▶ [What you should do]
Here the job is to restate every entry word for word.

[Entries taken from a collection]
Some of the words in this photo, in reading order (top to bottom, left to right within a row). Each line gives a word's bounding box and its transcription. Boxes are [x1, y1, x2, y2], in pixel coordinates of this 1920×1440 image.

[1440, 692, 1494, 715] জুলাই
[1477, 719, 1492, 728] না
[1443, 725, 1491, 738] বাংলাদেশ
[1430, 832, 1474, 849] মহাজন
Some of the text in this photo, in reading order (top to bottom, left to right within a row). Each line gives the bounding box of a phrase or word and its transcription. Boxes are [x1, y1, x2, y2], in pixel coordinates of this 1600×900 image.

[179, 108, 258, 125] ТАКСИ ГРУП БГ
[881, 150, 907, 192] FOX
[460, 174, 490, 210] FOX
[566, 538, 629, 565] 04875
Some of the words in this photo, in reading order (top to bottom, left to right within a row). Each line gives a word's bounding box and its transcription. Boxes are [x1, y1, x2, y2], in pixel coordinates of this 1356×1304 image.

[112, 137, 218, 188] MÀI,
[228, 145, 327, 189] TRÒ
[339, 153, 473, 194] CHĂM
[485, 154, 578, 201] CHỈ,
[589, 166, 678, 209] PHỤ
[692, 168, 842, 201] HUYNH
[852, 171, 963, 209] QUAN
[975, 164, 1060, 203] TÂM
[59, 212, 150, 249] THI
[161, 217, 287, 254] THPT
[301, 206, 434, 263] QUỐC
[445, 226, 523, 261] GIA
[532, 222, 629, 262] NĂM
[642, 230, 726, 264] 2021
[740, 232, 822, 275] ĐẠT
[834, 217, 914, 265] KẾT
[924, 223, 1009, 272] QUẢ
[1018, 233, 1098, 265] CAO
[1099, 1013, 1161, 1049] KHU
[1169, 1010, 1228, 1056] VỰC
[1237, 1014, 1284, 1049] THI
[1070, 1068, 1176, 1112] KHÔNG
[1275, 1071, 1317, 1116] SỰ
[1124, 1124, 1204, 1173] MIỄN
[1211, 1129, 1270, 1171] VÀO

▶ [Exercise solution]
Some of the words in this photo, in reading order (top to bottom, left to right within a row). Each line gives a word's bounding box and its transcription. Boxes are [x1, y1, x2, y2], in pixel coordinates of this 1920×1440 image.

[1440, 692, 1494, 715] জুলাই
[1477, 719, 1492, 728] না
[1443, 725, 1491, 738] বাংলাদেশ
[1430, 832, 1474, 849] মহাজন
Some of the text in this photo, in reading order (top to bottom, left to right within a row). Each line gives the bounding box of a phrase or word and its transcription. Boxes are [x1, y1, x2, y2], in pixel coordinates of this 1600×900 image.

[179, 108, 258, 125] ТАКСИ ГРУП БГ
[881, 150, 907, 192] FOX
[460, 174, 490, 210] FOX
[566, 538, 629, 565] 04875
Some of the words in this photo, in reading order (top to bottom, left to right within a row). Each line gives a word's bounding box and its transcription. Boxes are [x1, y1, x2, y2], in pixel coordinates of this 1356×1304 image.

[112, 137, 218, 188] MÀI,
[228, 145, 327, 189] TRÒ
[339, 153, 473, 194] CHĂM
[485, 154, 578, 201] CHỈ,
[589, 166, 678, 209] PHỤ
[692, 168, 842, 201] HUYNH
[852, 171, 963, 209] QUAN
[975, 164, 1060, 203] TÂM
[59, 212, 150, 249] THI
[161, 217, 287, 254] THPT
[301, 206, 434, 263] QUỐC
[445, 226, 523, 261] GIA
[532, 222, 629, 262] NĂM
[642, 230, 726, 264] 2021
[740, 232, 822, 275] ĐẠT
[834, 217, 914, 265] KẾT
[924, 223, 1009, 272] QUẢ
[1018, 233, 1098, 265] CAO
[1099, 1013, 1161, 1049] KHU
[1169, 1010, 1228, 1056] VỰC
[1237, 1014, 1284, 1049] THI
[1070, 1068, 1176, 1112] KHÔNG
[1275, 1071, 1317, 1116] SỰ
[1124, 1124, 1204, 1173] MIỄN
[1211, 1129, 1270, 1171] VÀO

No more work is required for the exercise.